The 'backing' he's referring to is no doubt groups like moveon.org and dailykos. They slam Dems like Lieberman, Obama (who endorsed Joe) and Hillary on a regular basis. Their track record is rather dismal, though, and it wouldn't surprise me if Lieberman wins in either the primary or as an independent.
0 Replies
 
edgarblythe
 
  1  
Reply Tue 1 Aug, 2006 06:49 am
In a system more accessible by independants, Lieberman may well have made it as an independant. The fact is, he didn't, so we are left only to guess who could or couldn't have succeeded in a make believe scenario.
0 Replies
 
Thomas
 
  1  
Reply Tue 1 Aug, 2006 07:01 am
edgarblythe wrote:
In a system more accessible by independants, Lieberman may well have made it as an independant. The fact is, he didn't, so we are left only to guess who could or couldn't have succeeded in a make believe scenario.

I agree -- but kelticwizard's claim was that Lieberman was a nobody when he started and that the Democratic party made him what he is now. You said you agreed completely. Now you're down to "we are left to guess", which is rather feeble evidence for yours and kelticwizard's contention.

PS: Kelticwizard also said:"If the mob never existed at all, the grocery would be better off." He seems to think the role of parties in politics is different from the mob's role in the grocery business. I don't.
0 Replies
 
edgarblythe
 
  1  
Reply Tue 1 Aug, 2006 07:04 am
It's your scenario at which we are guessing. The fact is, without Democrats, Lieberman might well be in some other line of work. Why shouldn't the party hold him accountable?
0 Replies
 
Thomas
 
  1  
Reply Tue 1 Aug, 2006 07:13 am
edgarblythe wrote:
It's your scenario at which we are guessing.

Claim: The Democratic party made Lieberman what he is now.

Counterclaim: We don't know that. In a world without the Democratic party, Lieberman may well have been able to become a senator still.

Logically, the fact that we're guessing is enough to invalidate kelticwizard's original claim, about which he was certain.

edgarblythe wrote:
The fact is, without Democrats, Lieberman might well be in some other line of work. Why shouldn't the party hold him accountable?

I have no problem with the Democrats voting for Lamont as their candidate. I have a problem with the opinion of some (not you) that it would somehow be inappropriate if Lieberman ran as an independent in this case.
0 Replies
 
kelticwizard
 
  1  
Reply Tue 1 Aug, 2006 03:46 pm
SierraSong wrote:

And you're welcome to that opinion. Mr. Buckley was agreeing with me when he said....


Wm. F. Buckley wrote:
]The backing for Ned Lamont is by people, explicitly and implicitly, who wish to send the Democratic Party into a hard left turn.


oh, please. William F. Buckley is the founder of the National Review.
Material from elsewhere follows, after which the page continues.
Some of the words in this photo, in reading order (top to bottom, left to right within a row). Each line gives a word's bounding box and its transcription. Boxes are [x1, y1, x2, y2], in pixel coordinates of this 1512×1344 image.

His idea of "taking a hard left turn" is publicly supporting the New Deal.

Once again, you seem to think the centrist position is to support letting this war drag on and on, to acquiesce in Bush's deficit and national debt positiions, etc. If you and Buckley feel that way, fine. I think you just might have a surprise coming your way in November. We'll see.
0 Replies
 
kelticwizard
 
  1  
Reply Tue 1 Aug, 2006 04:20 pm
Thomas wrote:
What makes you think that in a world without political parties, he couldn't have climbed up the ranks of the political system anyway? Say, from member of the city council to member of the school board to state senator to federal senator ...?
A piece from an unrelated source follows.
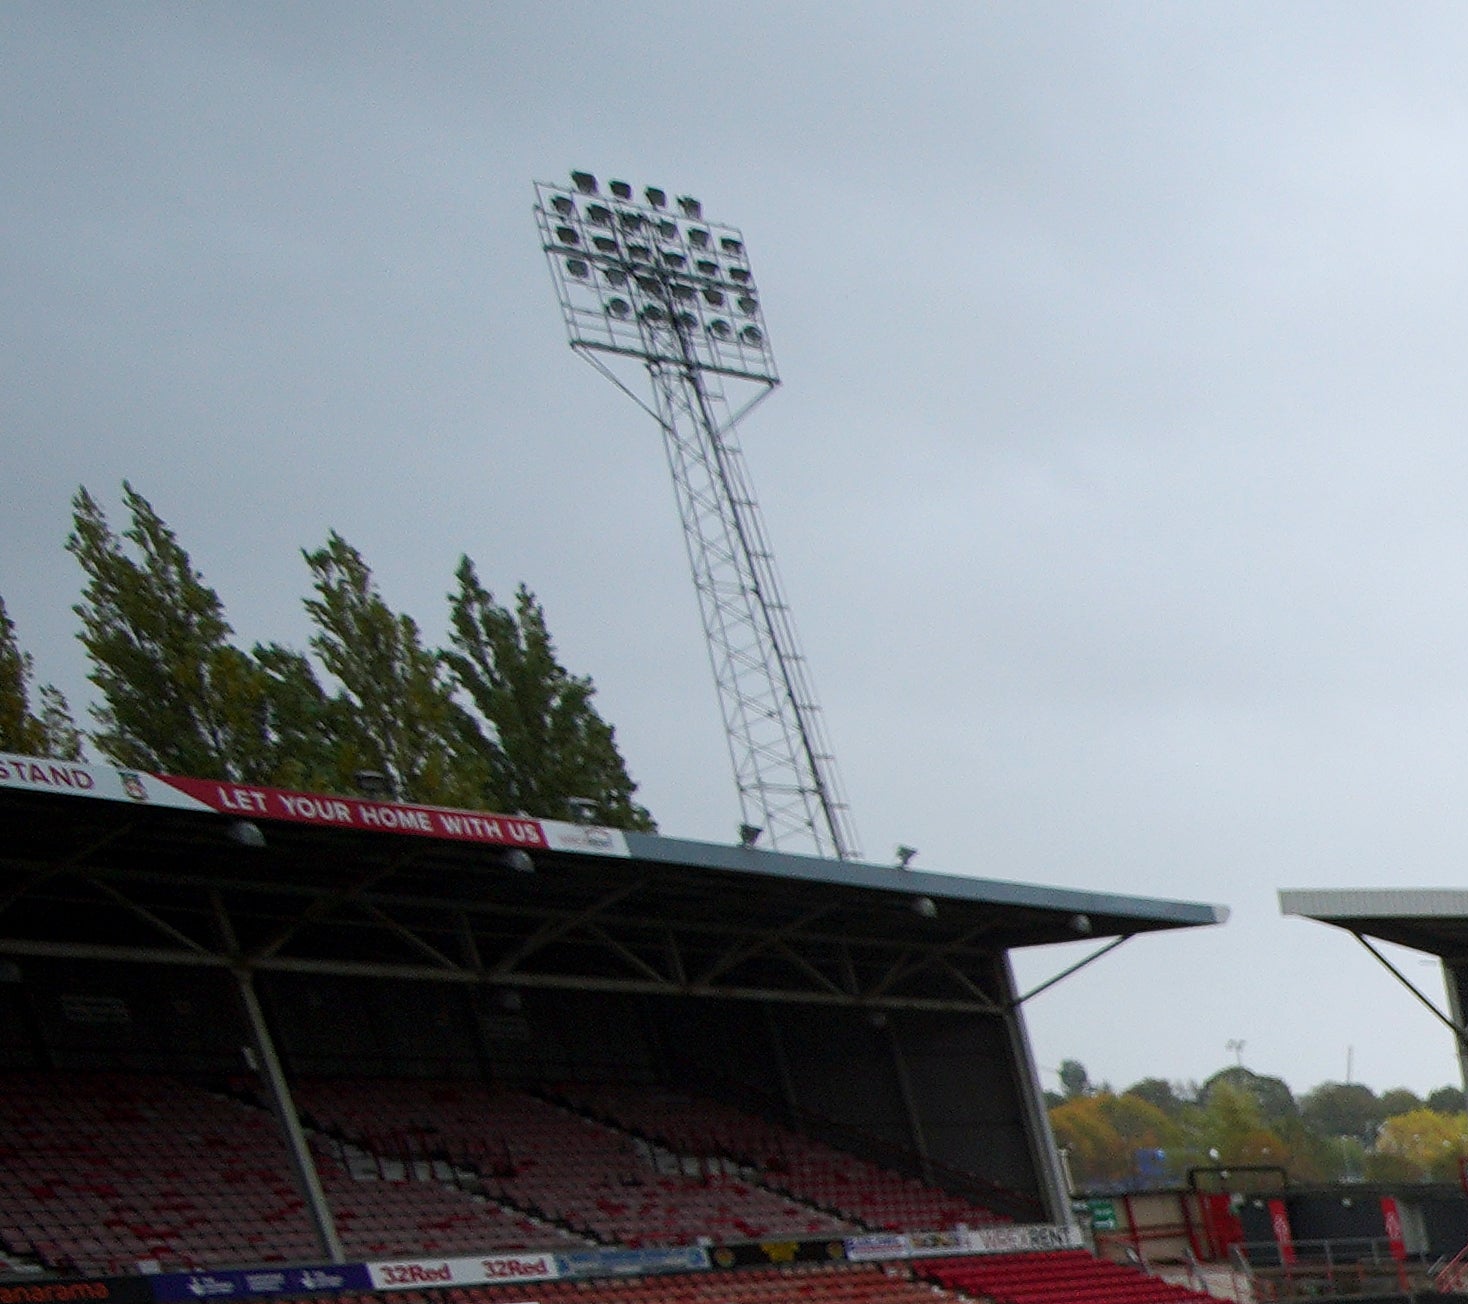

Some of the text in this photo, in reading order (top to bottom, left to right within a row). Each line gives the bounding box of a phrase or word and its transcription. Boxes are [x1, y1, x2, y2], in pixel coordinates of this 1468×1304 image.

What makes me think he probably wouldn't have worked his way up without the party system? Well, let's take a look at the kind of people who did well outside the two party system. And when I say "outside the two party system", I mean truly coming up outside it-not just being a renegade member of a party who builds up support within a major party and then seeks to carry the support over when he breaks away.

Either they are charismatic types with a fresh appeal, such as Jesse Ventura, former wrestler and talk show host. Or they have vast personal fortunes, such as Ross Perot. Or they are candidates who became famous fighting for a cause, and entered the political system that way.

Lieberman is none of these. He wasn't rich, he didn't have any great causes he personified, his appeal has always been the slow, thoughtful legislator and nobody ever accused him of being charismatic.

Without the Democratic Party backing him, you would never have heard of Joe Lieberman.